I'm working on a convergence theorem for an accelerated version of an iterative optimisation algorithm. At regularly-spaced intervals during the algorithm, a number of previous (unaccelerated) iterates are linearly combined to form a new (accelerated) iterate.

I need to know if the map the combines the iterates is a ($C^1$-)diffeomorphism.

Details:

The unaccelerated algorithm produces a sequence $x_0,\dots, x_k, x_{k+1}$ of linearly independent vectors in $\mathbb{R}^n$.

The map $R$ takes the most recent iterate $x = x_{k+1}$ to the new iterate $R(x)$: $$R : \mathbb{R}^{n} \to \mathbb{R}^n, \quad x \mapsto R(x) = \sum_{j=0}^k c_j x_j.$$ The coefficients $c_j$ depend on $x$, and are the solution to an equality-constrained optimisation problem. I have a closed-form expression for $c$: $$c = \frac{(U^{\top}U)^{-1}\mathbf{1}}{\mathbf{1}^{\top}(U^{\top}U)^{-1}\mathbf{1}},$$ where $\mathbf{1} \in \mathbb{R}^{k+1}$ is a column vector of ones, and where the matrix $U \in \mathbb{R}^{n\times(k+1)}$ has rank $k+1$, and is defined by $$U = [x_1 - x_0, x_2 - x_1, \dots, x - x_k].$$ (The important term is the $x$ in the rightmost column.)
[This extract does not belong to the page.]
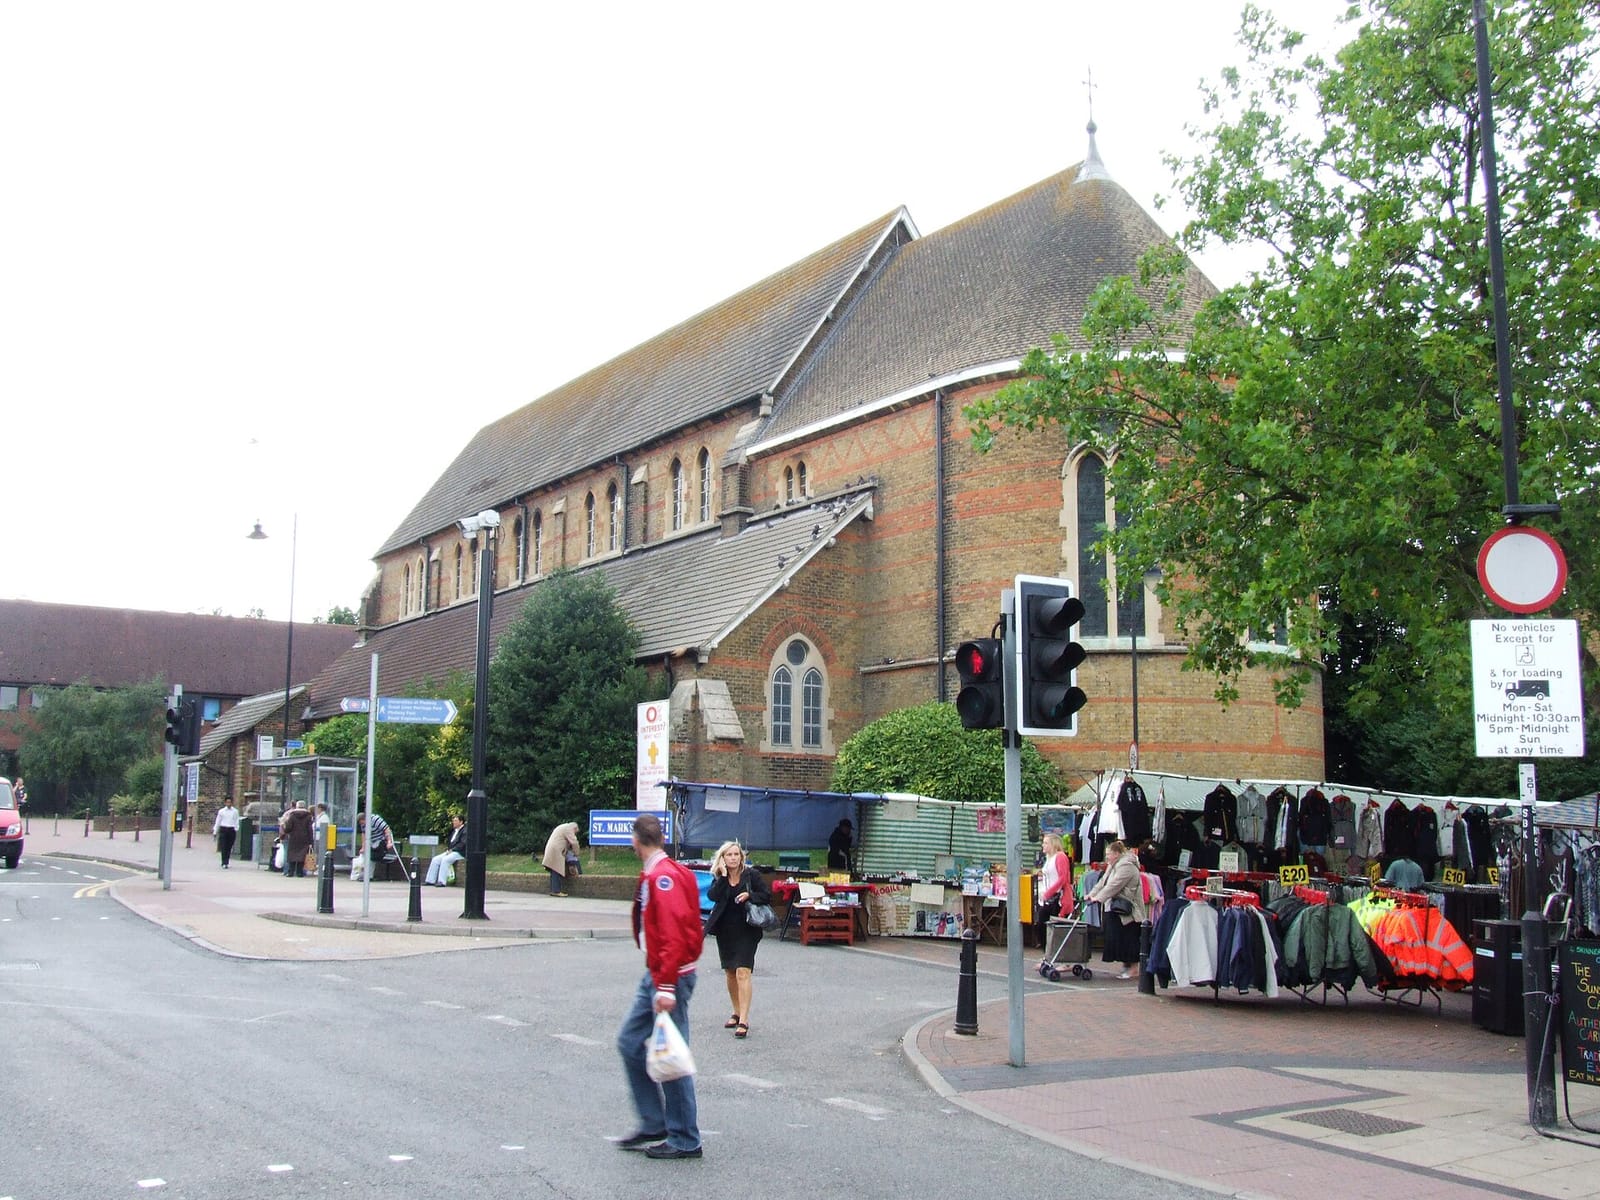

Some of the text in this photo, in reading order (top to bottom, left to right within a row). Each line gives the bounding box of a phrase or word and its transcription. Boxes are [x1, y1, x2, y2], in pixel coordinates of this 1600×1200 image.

Is the map $R$ a diffeomorphism?

Or is there a manifold on which it is?

Clearly $R$ is injective and differentiable. Is it invertible at each $x\in \mathbb{R}^n$ such that the aforementioned linear-independence/full-rank conditions hold? Is the inverse (once-)differentiable at these points?

EDIT:

I'm assuming that $x_{k+1}$ is such that $U$ has rank $k+1$ for all $x$ in an open neighbourhood of $x_{k+1}$. If this were not the case, my algorithm would skip the application of $R$. So the revised question becomes, is $R$ a diffeomorphism when restricted to that neighbourhood?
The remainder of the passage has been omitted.